I have talked about Roots at different conferences, and I remember one provider who said, “I do not have the ability to spend this much time with patients as the Roots folks. That does not mean that I am racist.” That is a faulty argument because, to me, the decision is how do we change our system? If having more time with patients allows you to be a better provider, how do we create better payment and compensation models?

Recent legislation expanded postpartum Medicaid coverage [in Minnesota from 60 to 365 days] because birthing people are vulnerable for that whole year after birth. We also need to create payment models that allow people to seek care more frequently.

Sometimes it makes me sad that we have to talk about things as “benefitting everybody” when they will have a larger benefit to Black folks. To be able to get a bit of the care we need, we also need to advocate for folks who do not necessarily advocate for us. Reproductive care can impact other chronic illnesses we see in our communities.

Do you have any words for somebody who is pregnant and nervous about racism within health care impacting their birthing outcomes?

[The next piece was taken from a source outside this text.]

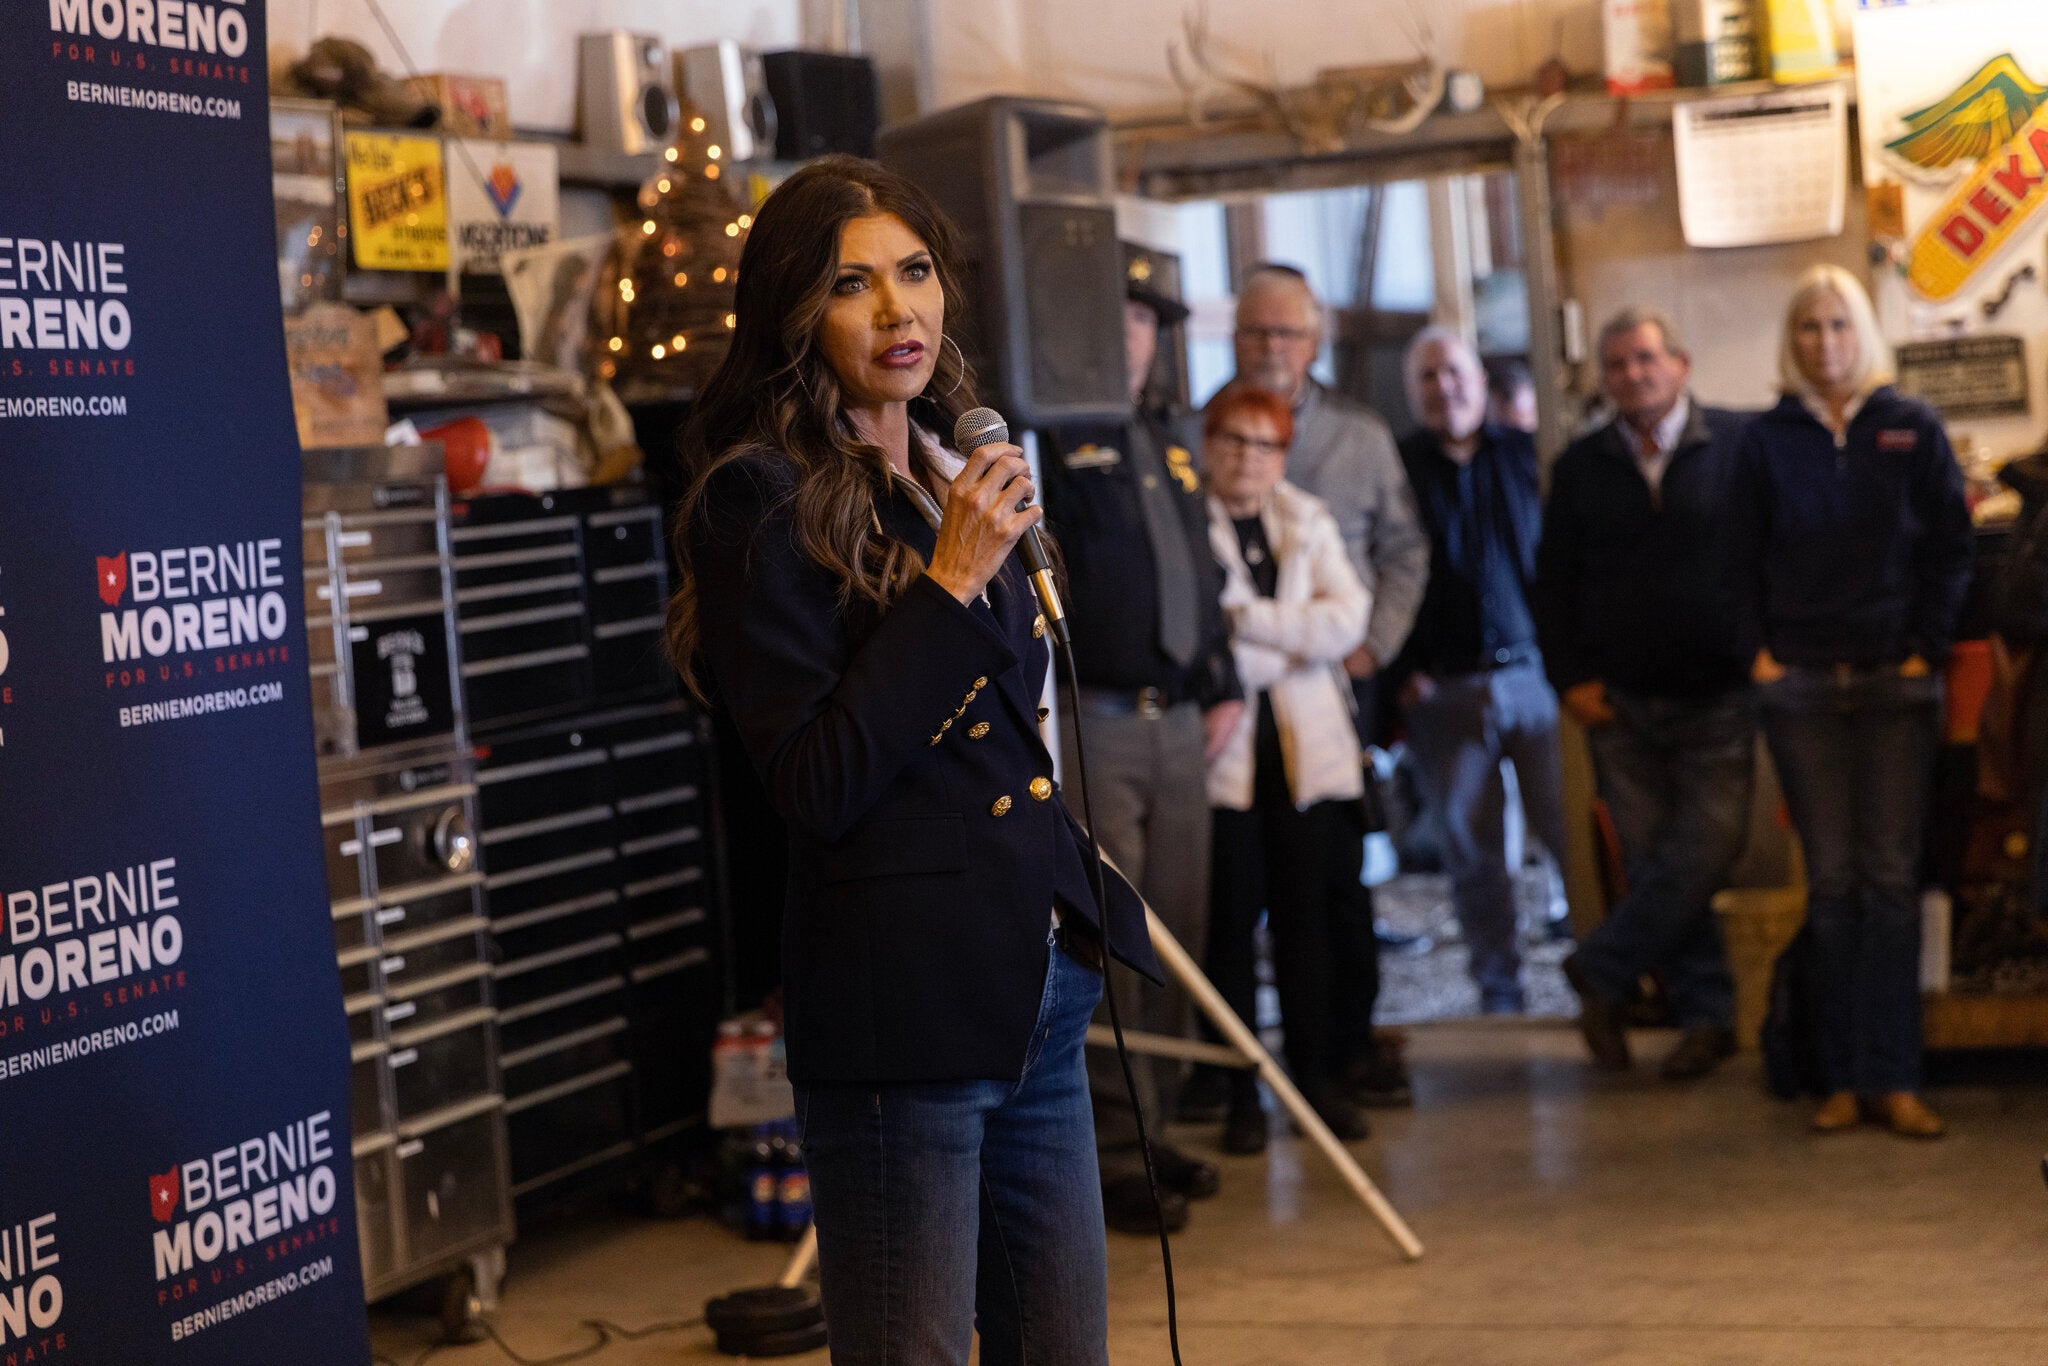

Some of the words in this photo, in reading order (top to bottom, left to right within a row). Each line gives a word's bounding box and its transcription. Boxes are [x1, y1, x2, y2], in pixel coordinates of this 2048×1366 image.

It is a very disheartening situation, but Minnesota has fierce advocates for Black women, whether it is Representative Ruth Richardson or Dr. Rachel Hardeman. The Dignity in Pregnancy and Childbirth Act [passed in Minnesota in 2021] is a great example of the work that is being done by legislators to address the Black maternal health crisis through effective policy. Change does not happen without policy, and it should be a light to Black and other birthing people in Minnesota that there are so many advocates who are putting in the work. There is a wonderful provider and scholar, Dr. Monica McLemore, who says this could all be different, and all we really need is for folks to listen to Black women who are already leading this charge.